El Gobierno recordó este jueves que los transgénicos no son nuevos en el país, ya que hace más de una década fue autorizada la soya genéticamente modificada, por lo que calificó de «hipocresía» que ahora se critique una posible ampliación a más cultivos.

Además de que se importan alimentos que contienen productos transgénicos, advirtió la ministra de Desarrollo Rural, Eliane Capobianco, en rueda de prensa en La Paz.

La autoridad compareció ante los medios para responder a las críticas hacia un decreto presidencial que autoriza a un comité del país a estudiar la viabilidad de varios cultivos transgénicos, mostrando ante las cámaras alimentos de conocidas marcas que se consumen en el país sin que se cuestione que contienen organismos genéticamente modificados.

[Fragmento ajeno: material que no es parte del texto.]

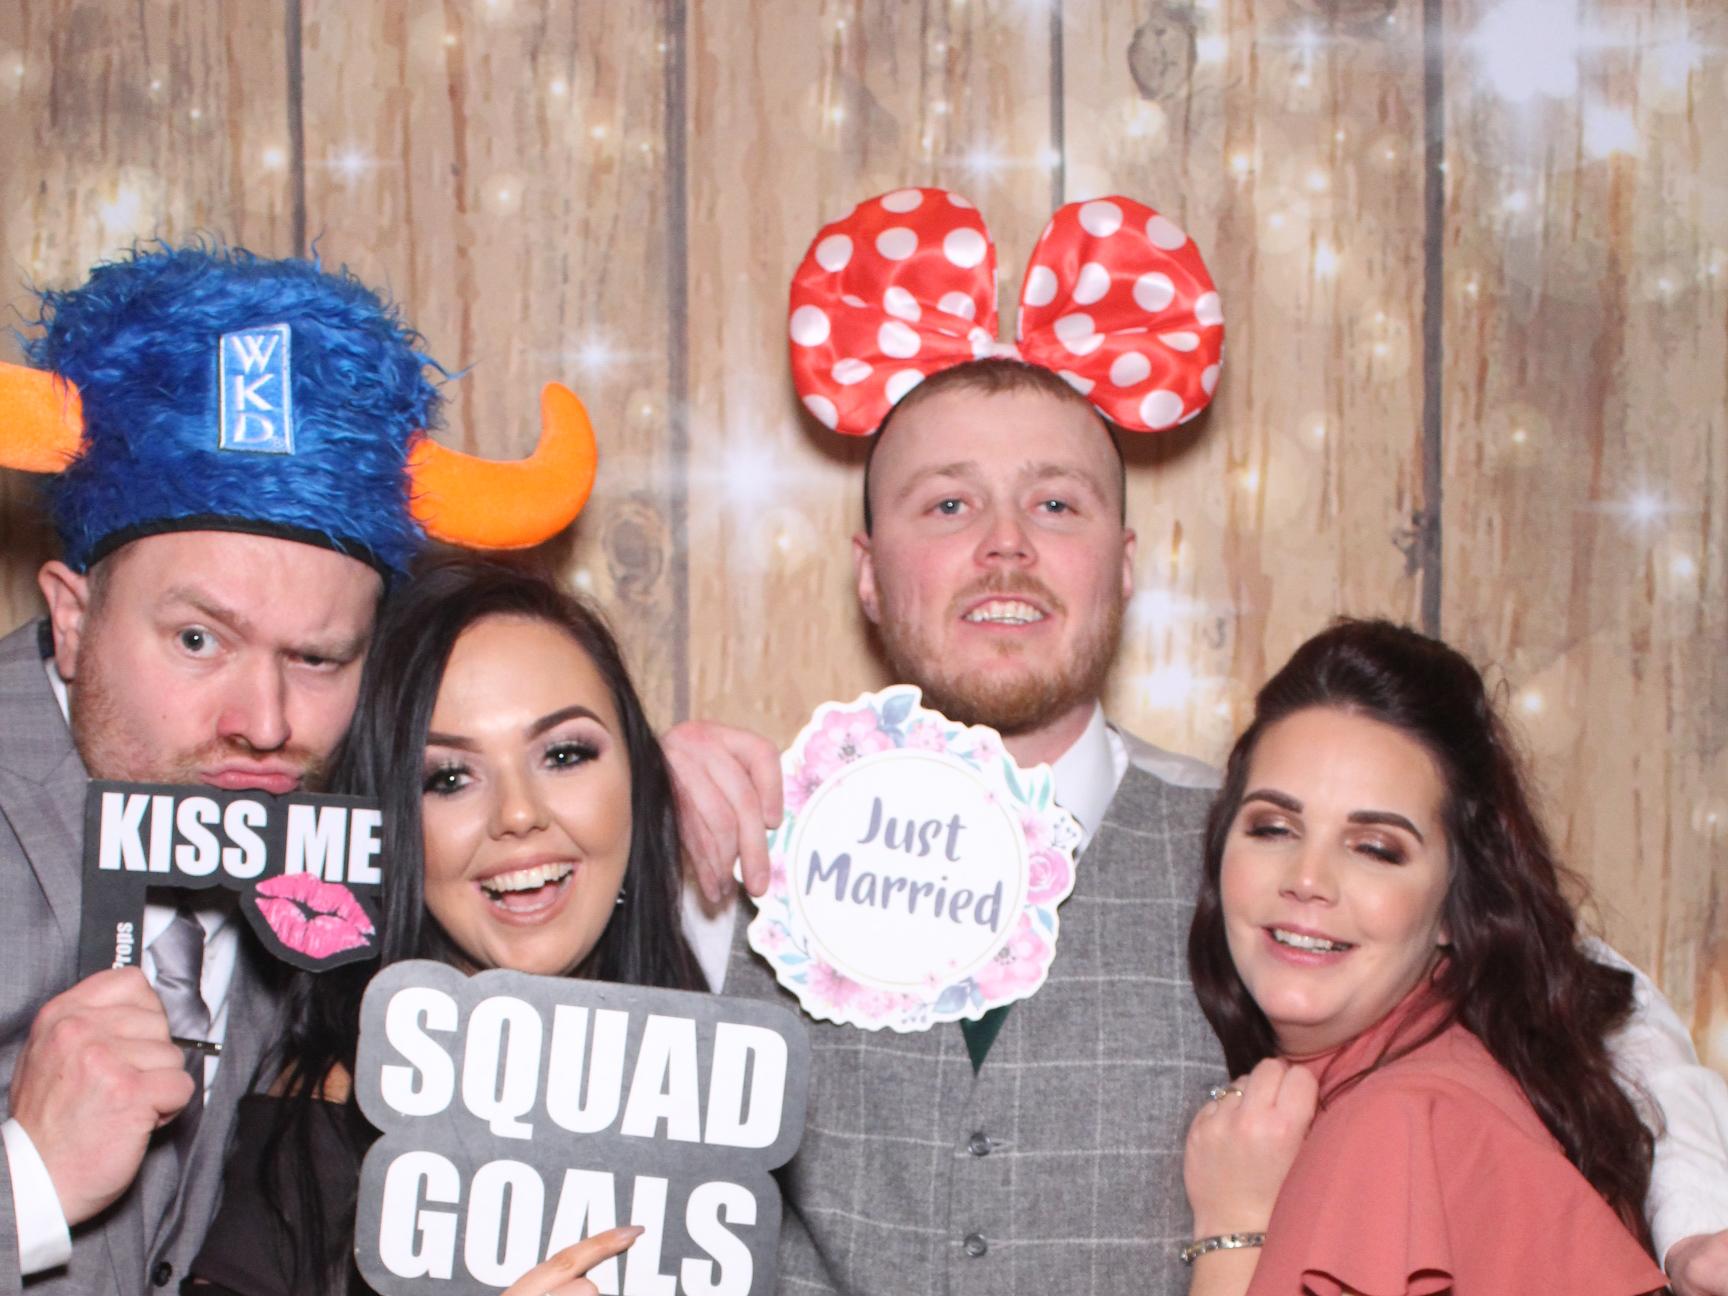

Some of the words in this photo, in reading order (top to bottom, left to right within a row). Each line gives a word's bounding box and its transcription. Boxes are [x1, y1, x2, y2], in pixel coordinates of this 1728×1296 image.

[230, 334, 279, 443] WKD
[99, 792, 268, 879] KISS
[284, 803, 383, 885] ME
[857, 796, 967, 862] Just
[804, 850, 1003, 934] Married
[380, 986, 788, 1149] SQUAD

Capobianco señaló que en el país ya fue autorizada la soya transgénica por anteriores gobiernos, entre la que citó la HB4, al ser preguntada por las críticas ahora de expresidentes como Carlos Mesa y Evo Morales.

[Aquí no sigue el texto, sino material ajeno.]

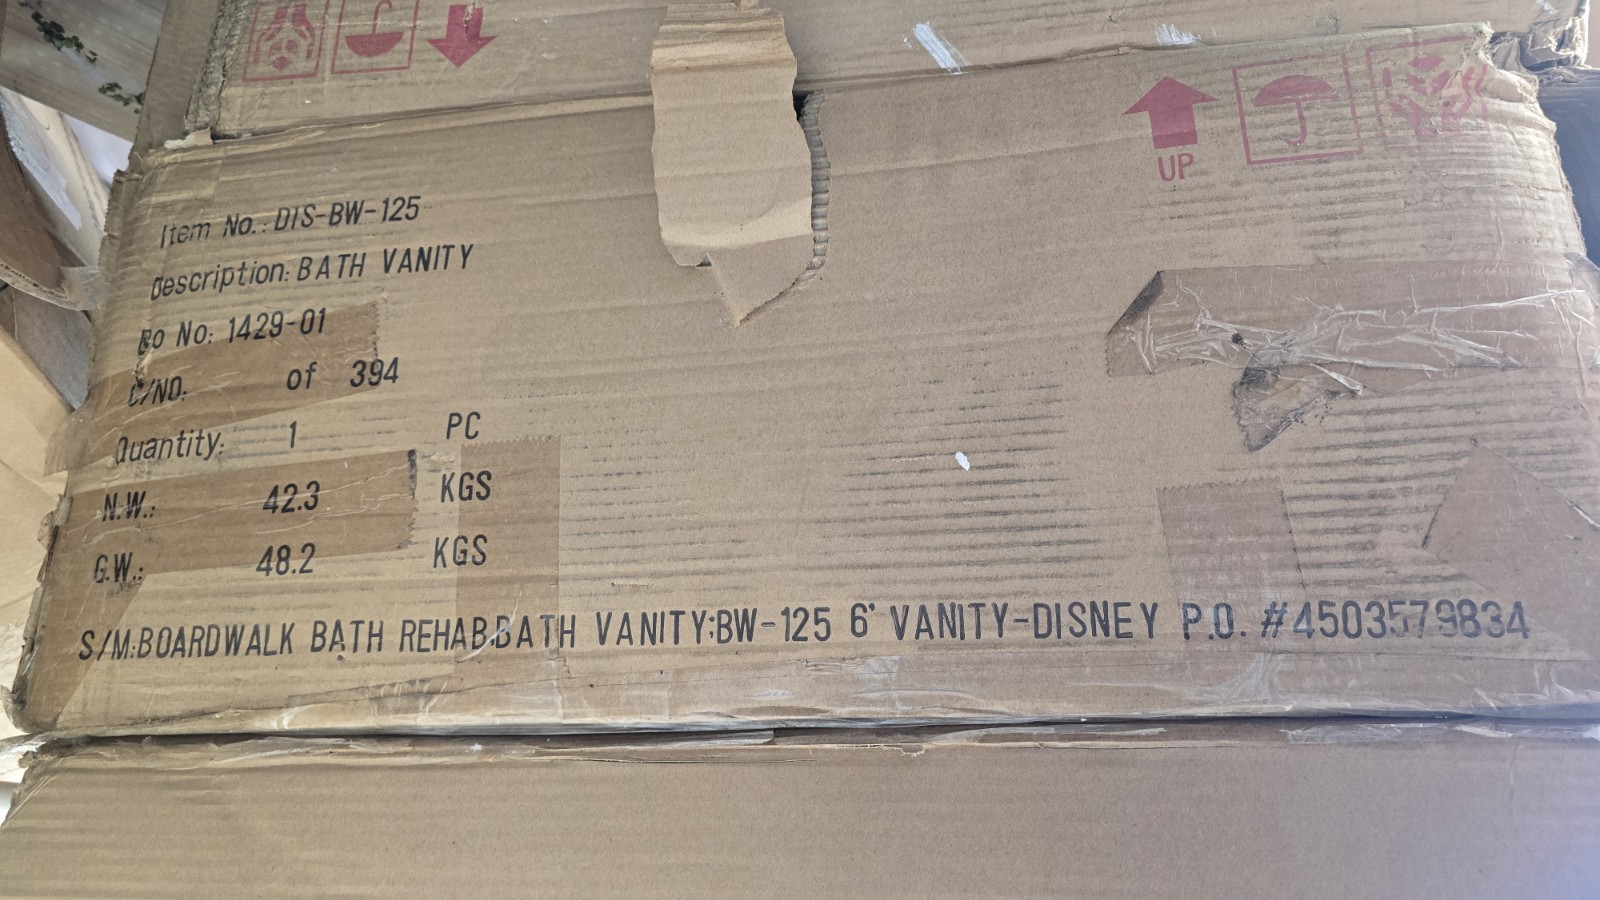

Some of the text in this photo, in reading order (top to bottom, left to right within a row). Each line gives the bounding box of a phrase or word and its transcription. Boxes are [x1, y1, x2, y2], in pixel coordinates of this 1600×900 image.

[1157, 152, 1195, 182] UP
[160, 223, 211, 249] Item
[383, 244, 474, 274] VANITY
[176, 319, 214, 347] No:
[228, 307, 326, 343] 1429-01
[286, 361, 317, 391] of
[350, 357, 400, 387] 394
[115, 412, 481, 465] Quantity: 1 PC
[102, 471, 493, 522] N.W.: 42.3 KGS
[93, 534, 488, 584] G.W.: 48.2 KGS
[311, 619, 384, 652] BATH
[890, 601, 1158, 641] VANITY-DISNEY
[1261, 598, 1530, 640] #4503579834

Mesa autorizó en 2005 una soya RR resistente al herbicida glifosato y Morales en 2019 la HB4 para biodiesel, pero no para uso alimentario.

El objetivo del nuevo decreto es mejorar la productividad en Bolivia para competir ante el mercado internacional, con biotecnología que ayude a la seguridad alimentaria nacional, sin que el decreto suponga que vayan a ser autorizados transgénicos de forma inmediata, ya que las pruebas pueden durar varios años, añadió.

El decreto sumó esta jornada un nuevo recurso de inconstitucionalidad presentado esta vez por la Defensoría del Pueblo, que como otro anterior de la senadora María Elizabeth Oporto, del Movimiento al Socialismo (MAS), se basa en que no se respeta normas como la propia Constitución y tratados internacionales firmados por el país, que protegen la salud y el medio ambiente ante organismos genéticamente modificados.

La semana pasada la presidenta Jeanine Áñez emitió una norma que autoriza «de manera excepcional» y con «procedimientos abreviados» que se investigue en maíz, caña de azúcar, algodón, trigo y soya genéticamente modificados, tanto para el consumo interno como para la exportación.

La norma es alabada por grupos como la Asociación de Productores de Oleaginosas y Trigo, un importante colectivo agroindustrial especialmente en Santa Cruz, la principal región agrícola del país, pero rechazada por asociaciones ecologistas, sociales, de consumidores y colegios profesionales, entre otras.